Hong Kong Joins the Pack: Certain Tokens May Be Securities
On September 5, 2017, Hong Kong made clear that certain tokens may be securities. In its release, Hong Kong's Securities and Futures Commission (SFC) stated that it "has noticed an increase in the use of initial coin offerings (ICOs) to raise funds in Hong Kong and elsewhere. This statement serves to explain that, depending on the facts and circumstances of an ICO, digital tokens that are offered or sold may be “securities” as defined in the Securities and Futures Ordinance (SFO), and subject to the securities laws of Hong Kong."

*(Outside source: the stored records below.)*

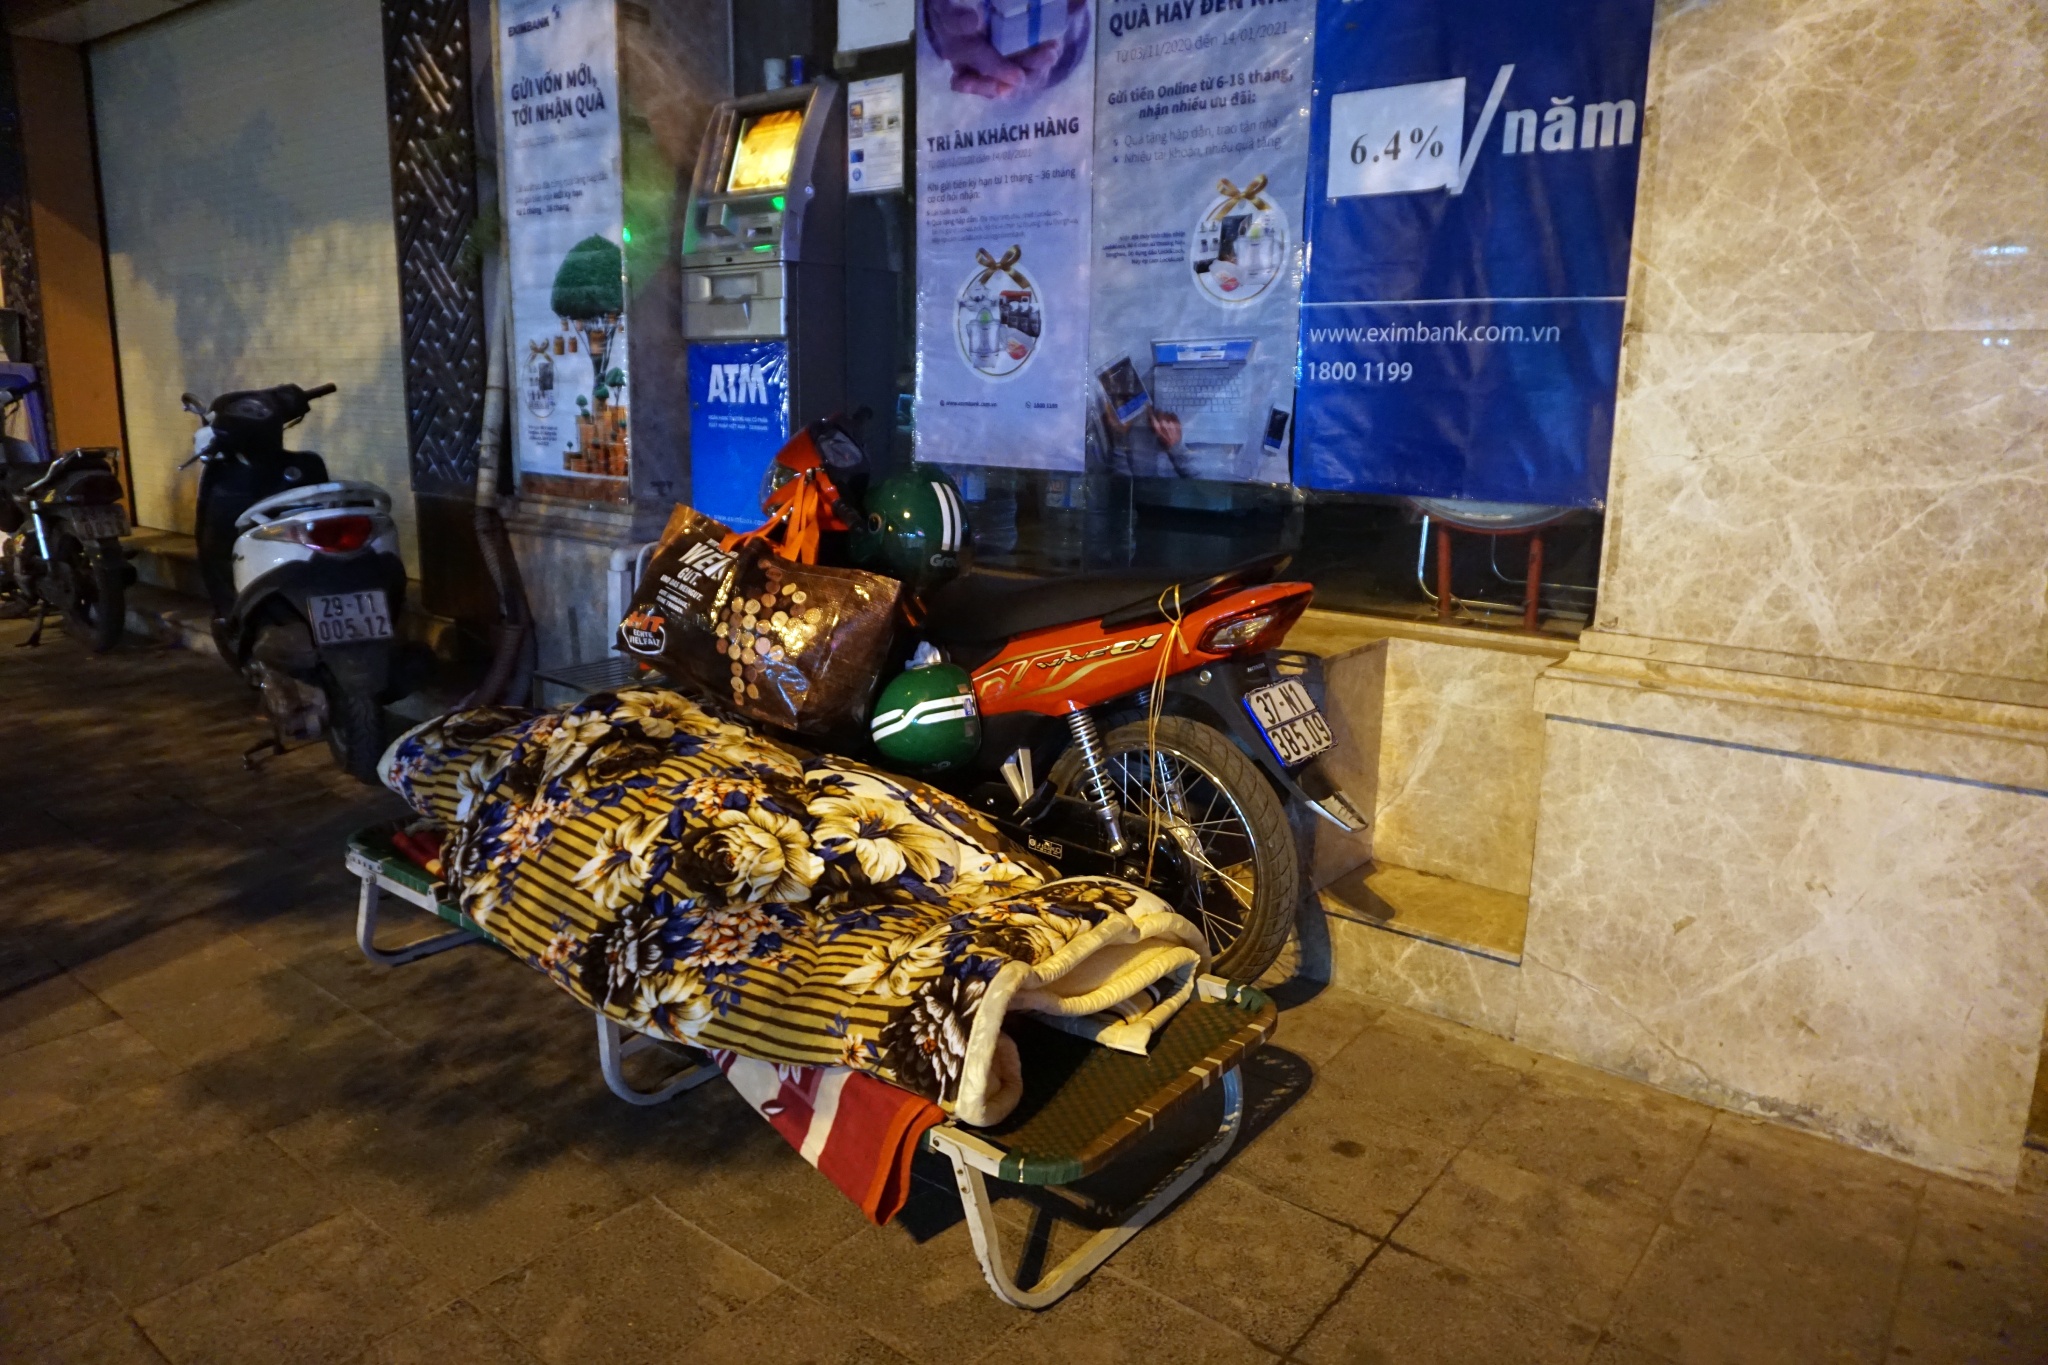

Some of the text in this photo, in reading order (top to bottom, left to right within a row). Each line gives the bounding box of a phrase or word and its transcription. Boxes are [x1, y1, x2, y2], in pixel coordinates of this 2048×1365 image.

[1109, 6, 1151, 37] QUÀ
[1156, 0, 1195, 25] HAY
[511, 62, 598, 101] GỬI VỐN MỚI,
[1157, 81, 1198, 98] Online
[1216, 73, 1245, 89] 6-18
[1249, 68, 1295, 84] tháng,
[512, 87, 606, 127] TỚI NHẬN QUÀ
[1139, 103, 1169, 120] nhận
[927, 117, 1079, 153] TRI ÂN KHÁCH HÀNG
[1350, 125, 1444, 165] 6.4%
[1309, 321, 1561, 343] www.eximbank.com.vn
[707, 364, 768, 405] ATM
[1308, 362, 1413, 381] 1800 1199
[677, 567, 702, 586] GUT.
[321, 592, 377, 618] 29-T1
[626, 611, 664, 632] HIT
[1255, 683, 1308, 725] 37-N1
[1271, 713, 1331, 761] 385.09

Explaining that, when a given digital token constitutes a "security" (a category that the SFC mentions includes debentures, interests in a collective investment scheme and shares) under Hong Kong law, dealing in or advising in connection with such token, or managing or marketing a fund that invests in such token, "may constitute a 'regulated activity'.[….] Parties engaging in a 'regulated activity' are required to be licensed by or registered with the SFC irrespective of whether the parties involved are located in Hong Kong, so long as such business activities target the Hong Kong public."
In addition, the SFC sent a warning to token issuers, secondary traders of tokens and cryptocurrency exchanges that securities laws and other legal requirements may apply to them, including requirements for certain registrations and authorizations (unless an exemption applies). Among other things, the SFC stated: "Parties engaging in the secondary trading of such tokens (eg, on cryptocurrency exchanges) may also be subject to the SFC’s licensing and conduct requirements. Certain requirements relating to automated trading services and recognised exchange companies may be applicable to the business activities of cryptocurrency exchanges."

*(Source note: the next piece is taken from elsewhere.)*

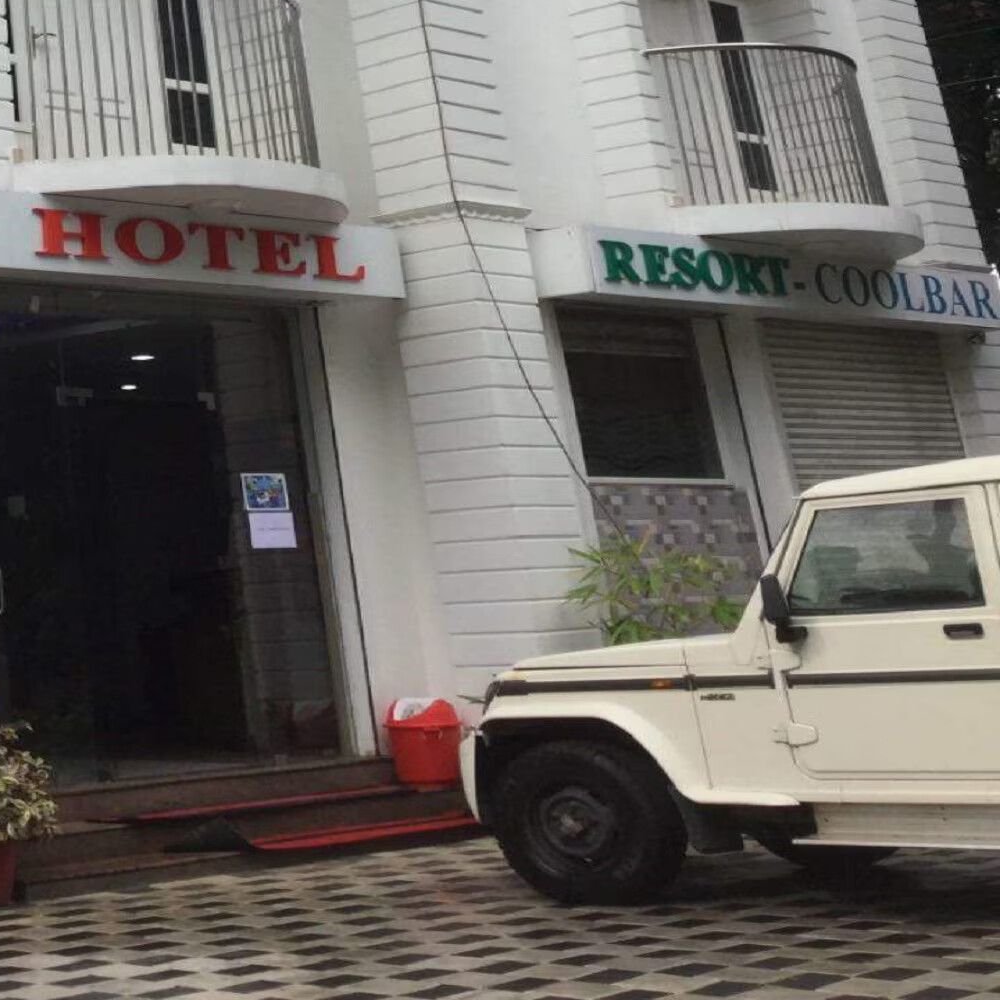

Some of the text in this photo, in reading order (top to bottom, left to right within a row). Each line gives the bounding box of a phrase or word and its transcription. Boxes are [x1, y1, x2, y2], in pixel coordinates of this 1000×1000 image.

[32, 207, 365, 282] HOTEL
[598, 240, 790, 297] RESORT
[814, 263, 998, 319] COOLBAR

The SFC ended its release by cautioning potential investors regarding the possibility of fraud, significant investment risks and potential lack of liquidity, but not before reminding issuers of anti-money laundering and similar matters. Noting that tokens issued in token sales may be transacted or held on an anonymous basis, the SFC stated that "inherent and significant money laundering and terrorist financing risks" exist and referenced its January 16, 2014 circular reminding licensed corporations and associated entities "to take all reasonable measures to ensure that proper safeguards exist to mitigate these risks."
While it is unclear which jurisdiction will be the next one to speak out about token sales, many issuers are beginning to realize that no token sale is an island, so to speak. If an issuer is marketing, offering or selling digital tokens into a jurisdiction, ignorance of that jurisdiction's laws does not mean that laws do not apply. A new token sale era arguably is beginning.